3. Contemporary Construction
Nestle Philippines Inc. vs. CA
Refresher: Nestle increased their capital stock from 3 million to 6 million.
They paid the necessary fees for the said increase. They issue 344,500
shares out of previously authorized unissued capital stock. They filed for
an exemption fro payment which the SEC denied. SEC said it did not fall
within the exemptions but could be considered under a different category.
Doctrine: The construction given by the SEC should be upheld because
interpretation and application of a statute given by the administrative
agency charged with its application is entitled great respect and accorded
great weight unless it is shown that such construction is in sharp conflict
with the governing statute or Constitution and other laws. Officials are
presumed to have familiarized themselves with all the consideration
pertinent to the meaning and purpose of the law. Their competence,

expertise and informed judgment are given respect.


The said
interpretation by the SEC was done to make sure that the investing public
is protected.
Philippine Scout Veterans Security & Investigation Agency Inc. v
NLRC
Refresher: Regalado worked as a security guard for the petitioners & he
requested for retirement pay w/c was refused. Labor Arbiter stated since
Regalado has no Collective Bargaining Agreement (w/c entitles him to
benefits), the other provisions of the Labor Code must be looked into; &
the Labor Arbiter ruled in favor of Regalado. But the SC held that he
wasnt legally entitled to retirement benefits despite the passage of RA
7641 (entitled benefits to those who retired bec of old age)
Doctrine: It is a rule in stat con that all statues are to be construed as
having only a prospective operation unless the purpose & intention of the
legislature to give them restrospective effect is expressly declared or is
necessarily implied by the language used. In every case of doubt, the
doubt must be resolved against the retrospective effect.

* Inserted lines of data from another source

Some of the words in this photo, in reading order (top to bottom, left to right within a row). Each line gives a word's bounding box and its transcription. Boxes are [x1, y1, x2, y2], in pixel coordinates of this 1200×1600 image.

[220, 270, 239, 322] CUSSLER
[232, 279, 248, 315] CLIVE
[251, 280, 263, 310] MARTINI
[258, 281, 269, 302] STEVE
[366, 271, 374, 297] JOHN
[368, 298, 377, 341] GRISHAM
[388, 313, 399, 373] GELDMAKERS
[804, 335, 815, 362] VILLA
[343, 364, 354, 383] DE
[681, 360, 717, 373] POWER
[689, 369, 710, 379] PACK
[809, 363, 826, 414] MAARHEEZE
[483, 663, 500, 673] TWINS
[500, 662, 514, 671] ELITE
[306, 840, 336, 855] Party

Contemporaneous Construction of a statute by executive officers
tasked to enforce & implement said statute should be given great weight
by the courts. BUT if such construction is erroneous or is clearly shown to
be in conflict w/ the governing statute of the Consti or other laws, the
same must be declared null & void.

4. Statutory Directives
Valderama v. NLRC
Refresher: Andrea alleged that she was illegally dismissed by COMMODEX
due to her pregnancy. The Labor Arbiter rendered a decision in favor of
her. In the dispositive portion, only COMMODEX was ordered to pay the
backwages and damages. Andrea filed a motion for clarification to include
Valderama, as the employer in the dispositive portion wherein the Labor
Arbiter granted the prayer. Valderama contends that the Labor Arbiter's
decision is final and executory hence cannot be amended. NLRC affirmed.

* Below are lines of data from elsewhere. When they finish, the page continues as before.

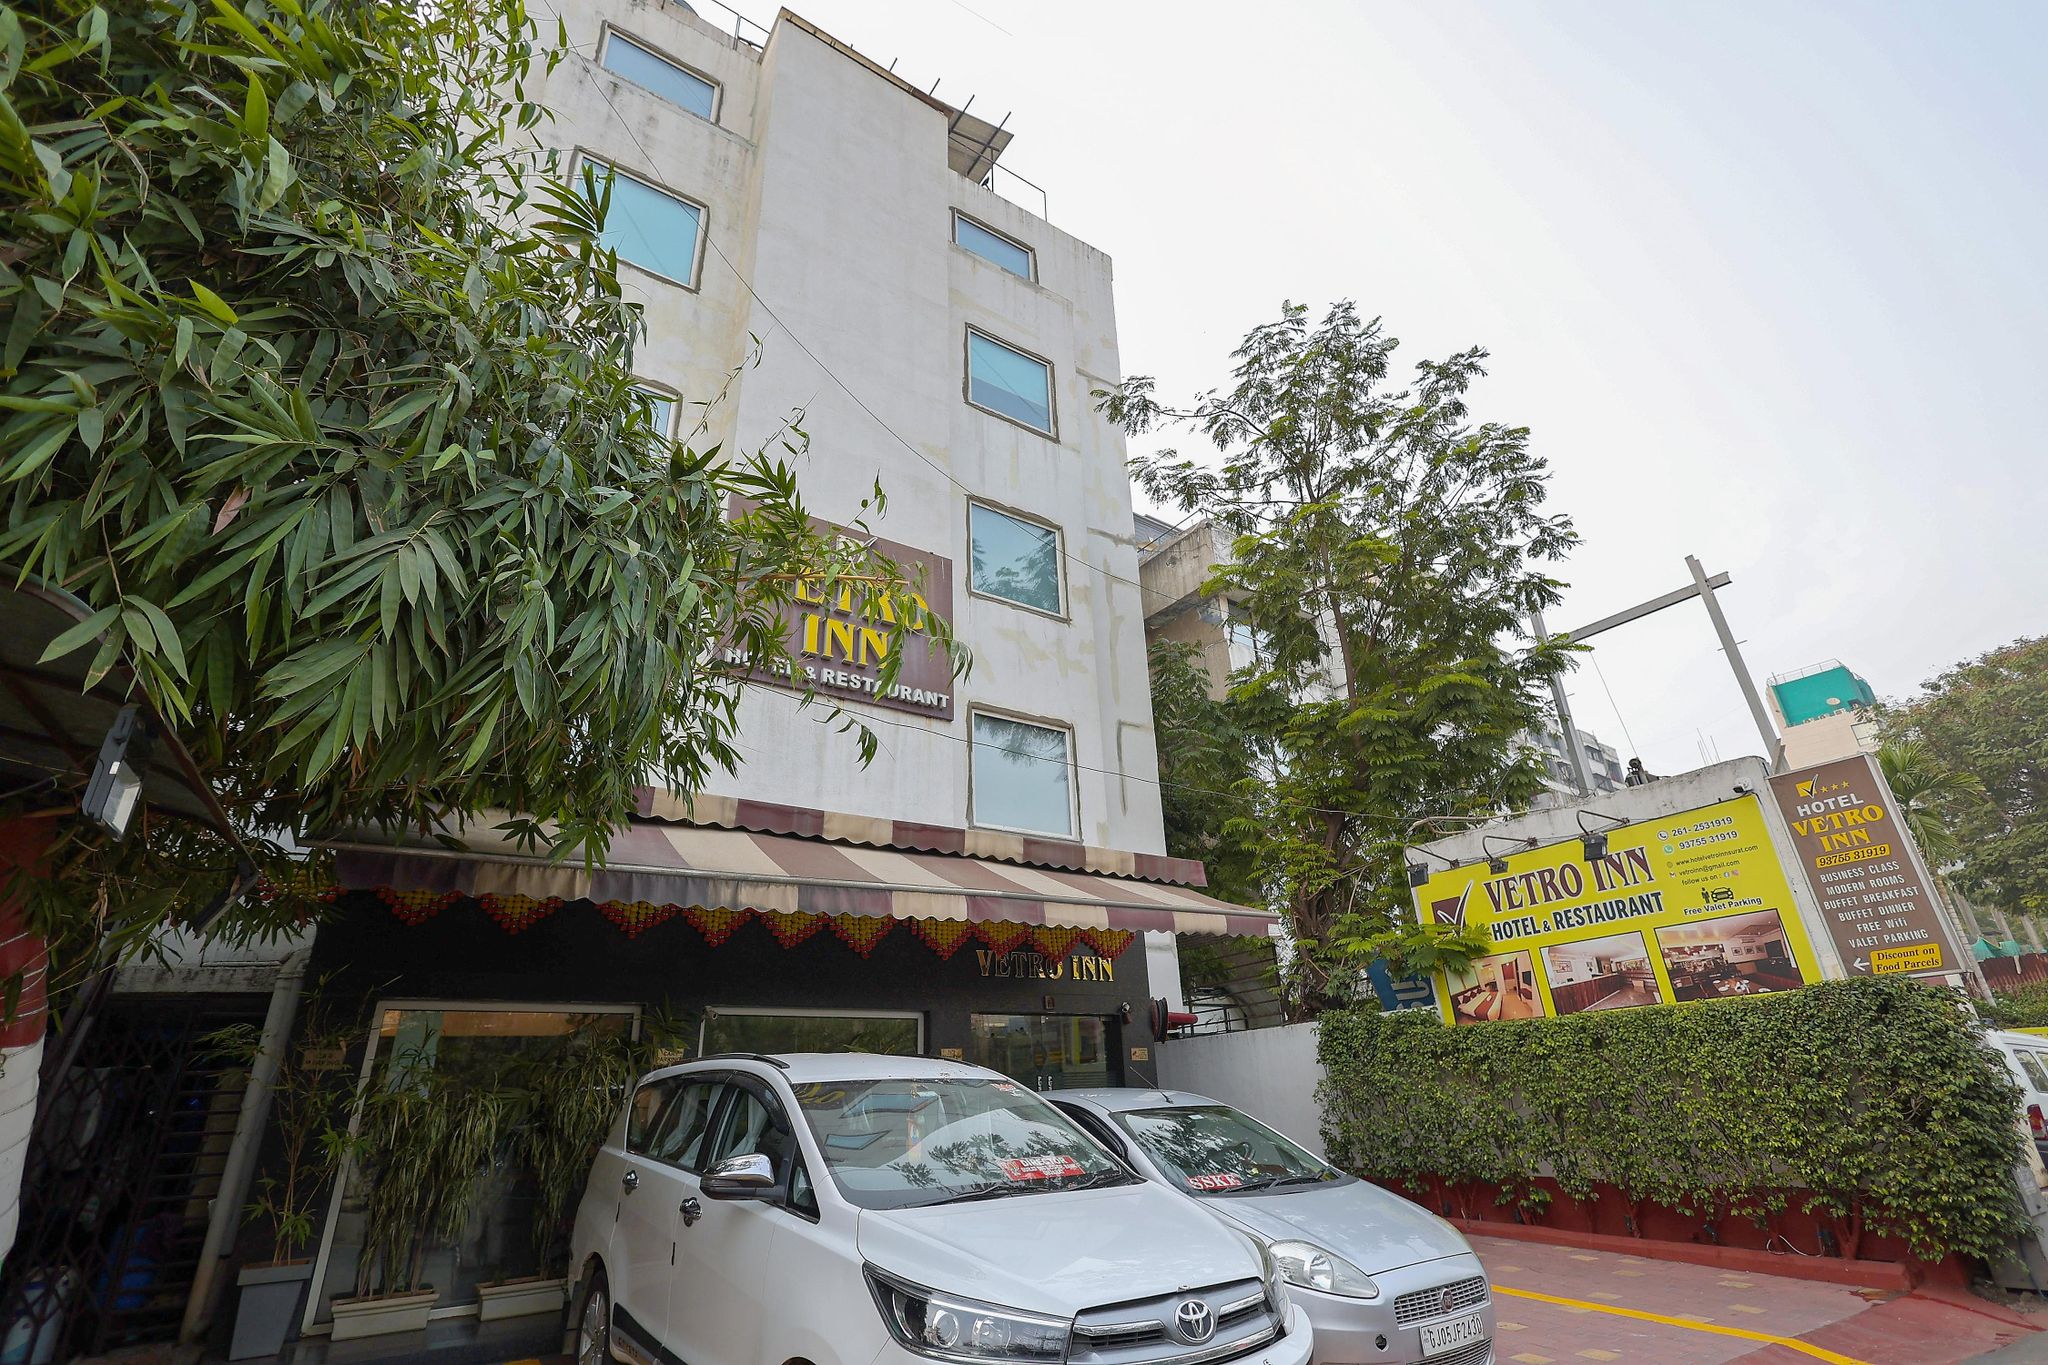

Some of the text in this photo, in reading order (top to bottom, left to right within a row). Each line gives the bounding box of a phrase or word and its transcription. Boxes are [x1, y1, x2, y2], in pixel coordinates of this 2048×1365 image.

[802, 612, 892, 672] INN
[805, 665, 817, 681] &
[1796, 793, 1864, 817] HOTEL
[1693, 816, 1733, 832] 2531919
[1792, 804, 1885, 837] VETRO
[1679, 830, 1738, 850] 93755 31919
[1820, 828, 1872, 853] INN
[1676, 845, 1759, 867] www.hotelvetroinnsurat.com
[1820, 845, 1887, 867] 93755 31919
[1679, 860, 1740, 876] vetroinn@gmail.com
[1820, 861, 1900, 883] BUSINESS CLASS
[1483, 847, 1655, 913] VETRO INN
[1826, 874, 1905, 896] MODERN ROOMS
[1684, 897, 1762, 916] Free Valet Parking
[1823, 886, 1919, 910] BUFFET BREAKFAST
[1491, 891, 1663, 941] HOTEL & RESTAURANT
[1838, 901, 1916, 922] BUFFET DINNER
[1856, 917, 1908, 933] FREE Wifi
[1849, 929, 1929, 949] VALET PARKING
[1876, 957, 1940, 973] Food Parcels
[1877, 947, 1935, 961] Discount on
[976, 949, 1115, 982] VETRO INN

The SC ruled in favor of Andrea.
Doctrine: General rules of procedure are merely suppletory in character
vis-a-vis disputes which are primarily governed by labor laws.
Furthermore, as provided in Article 4 of the Labor Code, all doubts in the
implementation and interpretation of this code, including its implementing
rules and regulations shall be rendered in favor of labor. The rule that the
NLRC may disregard technical rules of procedure in order to give life to the
constitutional mandate for the protection of labor is well settled.